When I remember that var(x) is the same as cov(x, x), the formulas in the covariance matrix seem more consistent and make more sense to me. In other words, the whole matrix can also be defined in terms of covariances alone.
Great video, very intuitive Thanks a lot. At 12:25 in the variance formula, we divide by the sum of all weights and not the sum of weights squared and it is the same for the covariance, right?
thank you for this, there were so many hidden tidbits of knowledge in this. thank you for making these and appreciate the attention in explaining small details.
Extremely helpful and easy to understand as someone new to this topic. Thank you for your work and actually showing examples with numbers for how each part in the covariance matrix was calculated.

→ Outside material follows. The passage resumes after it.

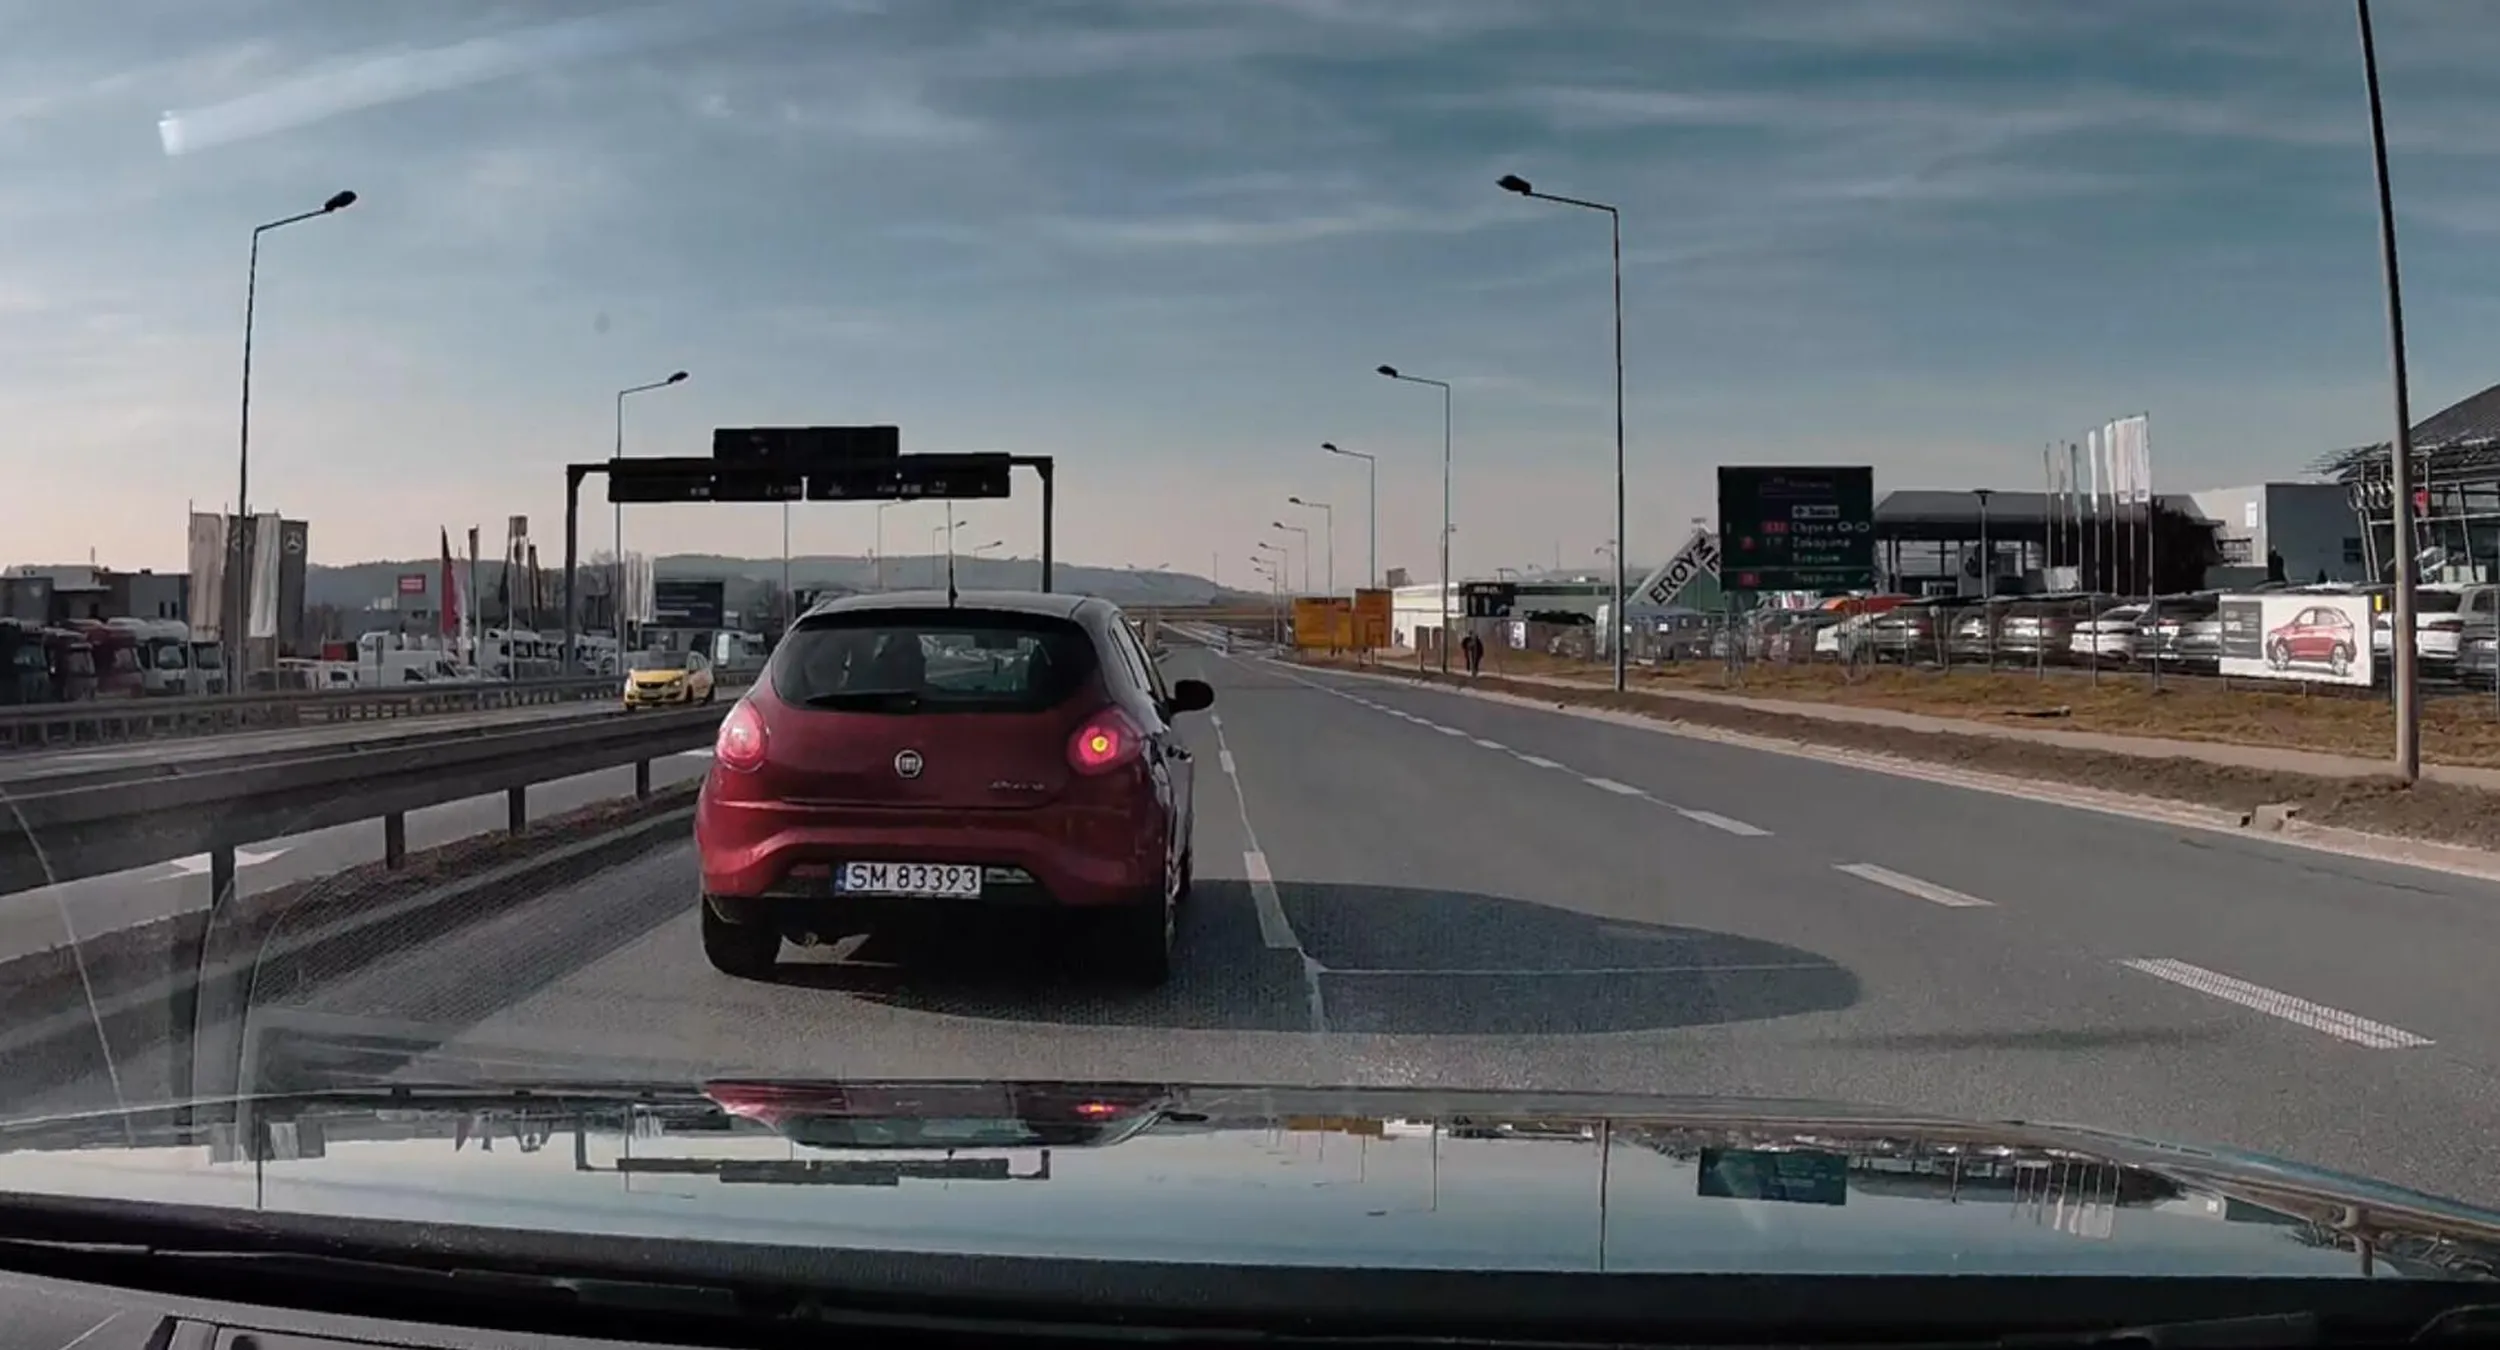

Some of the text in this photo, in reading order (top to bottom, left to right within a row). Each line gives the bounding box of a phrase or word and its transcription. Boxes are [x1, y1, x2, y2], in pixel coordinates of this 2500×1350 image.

[1692, 537, 1719, 573] ME
[1648, 552, 1697, 605] EROY
[851, 864, 977, 892] SM 83393

Thank you for this great video. A bit inconsistency between the correction 1/3 (under ur comments) and the formula alpha^2 (at 12:24). I think the formula is correct and in the concrete example 1/3 should changed to be 1/9.
Thanks! Luis for the awesome video about covariance. I would like to ask at 10:56 , shouldn't we divide by 1+1+1+(1/3)^2? same happen to finding covariance at 11:37. we should divide by 1+1+1+(1/3)^2, shouldn't we? please correct me if i was wrong.
Hi Luis, fantastic and clear video but quick question, at 11:01 are we sure we need to square the 1/3 weight? I don't follow the intuition of this as I'd assume having a single point weighted 1/3 would be equivalent to a situation where that point has a weight of 1 and the remaining three points have weights of 3 (said another way, imagine three of the points [(-0.4, 0.8), (1.6, 0.8), (-0.4, -1.2)] being duplicates three times and stacked upon one another). If this were the case we'd calculate the variance of 10 points of equal weights [-0.4, -0.4, -0.4, 1.6, 1.6, 1.6, -2.4, -0.4, -0.4, -0.4] with a value of 1.44 Thank you in advance for any thoughts on this question and for making such a great video! I just pre-order your upcoming ML book this morning and subscribed to your channel.
thanks for the explanation! I'm confused about the portion or weighted points, what does it mean when a data point has a fraction? Besides, at 8:58 isn't the covariance divided by (n-1)?
This is a great visualization and a perspective that should everyone need to know. To see what is the magic behind the scene, visualization is best way as always...
Hi Luis, this is an excellent video, and I thank you for making it. At 3:42 you say "Why square", then your answer is so the negative numbers do not cancel out the positive numbers. By that logic, then why not use absolute values and achieve the same. Turns out that the technical explanation for using squares seems hard to come by, and is not at all obvious. Perhaps you can do some digging and do another video on this? I found the discussions at Cross Validated forum to be helpful.
Thank you Luis for always putting sense before the equations. May I suggest a related topic to cover: Gaussian Process? So far the only TH-cam video that I found intuitive is "Vincent Warmerdam: Gaussian Progress | PyData Berlin 2019". Even after watching several times, I feel that I'm still missing something fundamental, like how the conditioning on data works, or how to predict using multivariate features. A walkthrough of a real problem solved with Gaussian Process will be really helpful!
Good video! Does the highly correlated future in our dataset produces less ERROR when regresson is run? How to determine if a particular feature in our dataset should be considered or not??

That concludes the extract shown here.